If we don’t address the reason for the “harmful development” or “lack of ease,” we will never adequately solve the problem. As with any dis-ease, of course, the symptoms need to be addressed. Perhaps we do need some reasonable measures to address gun control, terrorism, the opioid crisis, but as the reverend, Dr. Wesley Shortridge, pastor at Liberty church in Bealeton, VA, said recently in an interview, “We have never been able to stop addiction by outlawing drugs.” The same goes for guns, trucks, immigrants and anything else.

We will never be able to overcome hate with hate and blame. We will never be able to regulate mental health issues in such a way as to make everyone think and act in a sane way. Yes, reasonable regulations can help, but we can never achieve and agree on reasonable measures and regulations if we continue, as people to be unreasonable.

As a therapist, I am fully aware that we will never be able to “fix” anyone else. We can provide education, compassion, and support, creating an environment in which people feel free to release old, unhealthy beliefs and rules that no longer work. This however will never happen as long as we, as individuals, deny our own responsibility to explore our own thought processes and continue to project dysfunction on others. It will never work to factionalize groups of people by race, ideology, mental health status, religion, or belief systems.

After a heartbreaking incident like the church shooting by a terribly troubled person in Sutherland Springs, TX, or a group of innocent people being massacred by a hate-filled man in a truck in New York City, each of us is horrified and want to change things so it never happens again. Of course. That’s an absolutely normal reaction to a frightening event.

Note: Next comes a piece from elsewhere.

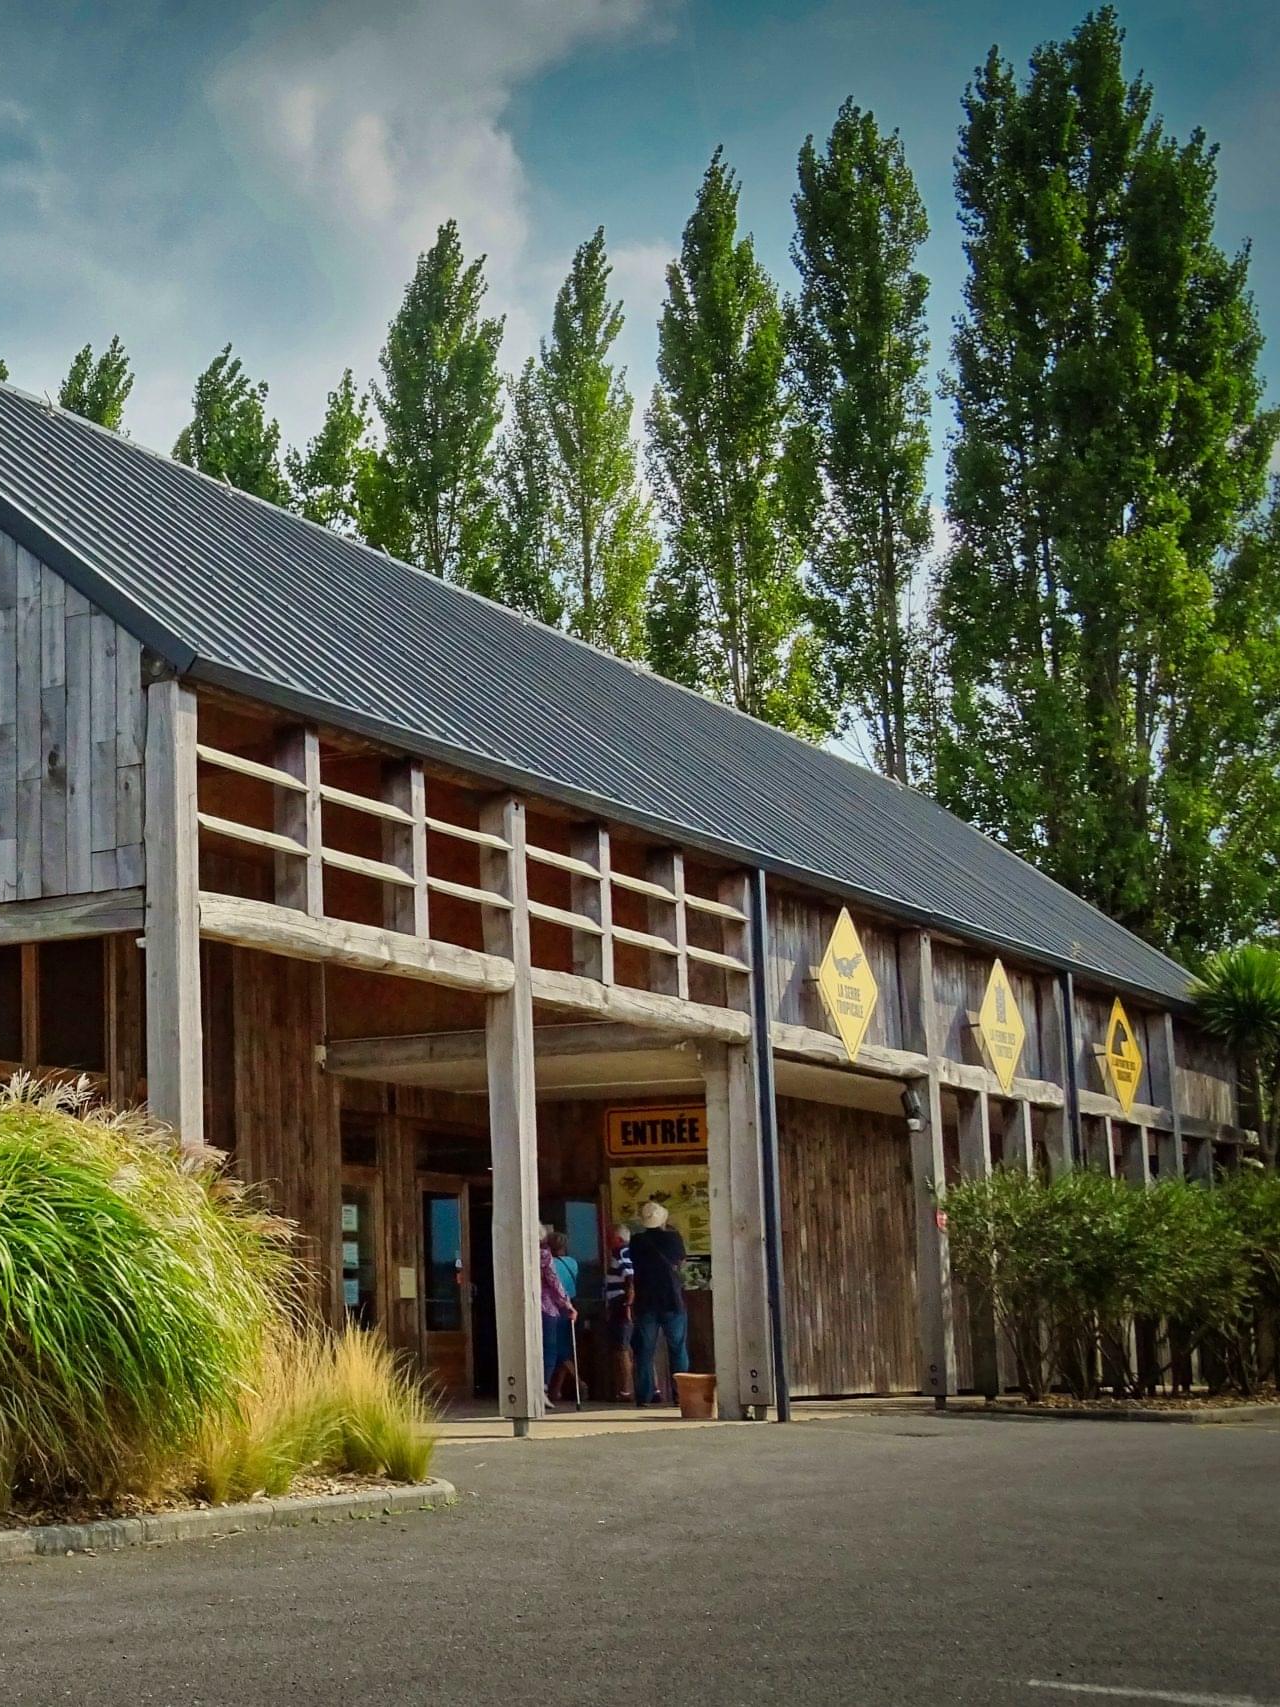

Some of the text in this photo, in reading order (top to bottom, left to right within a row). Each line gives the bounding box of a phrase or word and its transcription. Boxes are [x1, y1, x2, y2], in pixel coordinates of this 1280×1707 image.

[837, 983, 861, 1001] LA SERRE
[836, 999, 864, 1019] TROPICALE
[622, 1112, 700, 1146] ENTRÉE

This is not a time to politicize by blaming “Republicans” or “stupid gun owners,” as was evidenced by ill-informed tweets as way of expressing frustration. These kinds of tweets enhance division, insist that there is only one way to see things and put up a wall of resistance to intelligent, informed, compassionate solutions.

It must start by talking personal responsibility. There is an emptiness in each of us, longing for connection and love and value. In a misinformed, reactive effort to fill this place, we try to fill it with temporary measures that only further destroy. We fill that place with materialism like more money, power, things, which insulates us to the external problems, or substances like drugs or alcohol, numbing the pain or creating factionalism, homogeneous groupings demonizing others, which make us temporarily feel justified. None of that works on a long-term basis. That kind of thinking alienates us, drives us farther apart, and exacerbates the problem.

We point out evil and crazy thinking and lack of regulations. That is no more efficacious that being a football fan screaming obscenities from the sidelines. It just makes more noise, releases a bit of frustration and makes us angrier.

Before we react, we need to take a deep breath and step back from the drama for a moment and strengthen our own internal locus of control. This can be done as a healthy coping mechanism, as it causes the brain to operate more effectively in the moments. It helps us think clearer, and be less reactive. Creating this type of personal habit, through meditation, mindfulness principles like meditation, has been proven through recent studies, to actually change the brain. Anger, stress, negative emotions limits our capacity to function most effectively. The more we, as individuals, continue to think it’s ok to react in hatred, rage and blaming, the worse the problem will get.

The more of us that make the effort to learn and use healthy coping mechanisms like deep breathing, detachment, gratitude, meditation, respect, less judgment and forgiveness, find that our brains change in a way that makes us less reactive to stress, clearer and more circumspect in our thinking, and better able to see our oneness with other humans rather that our differences.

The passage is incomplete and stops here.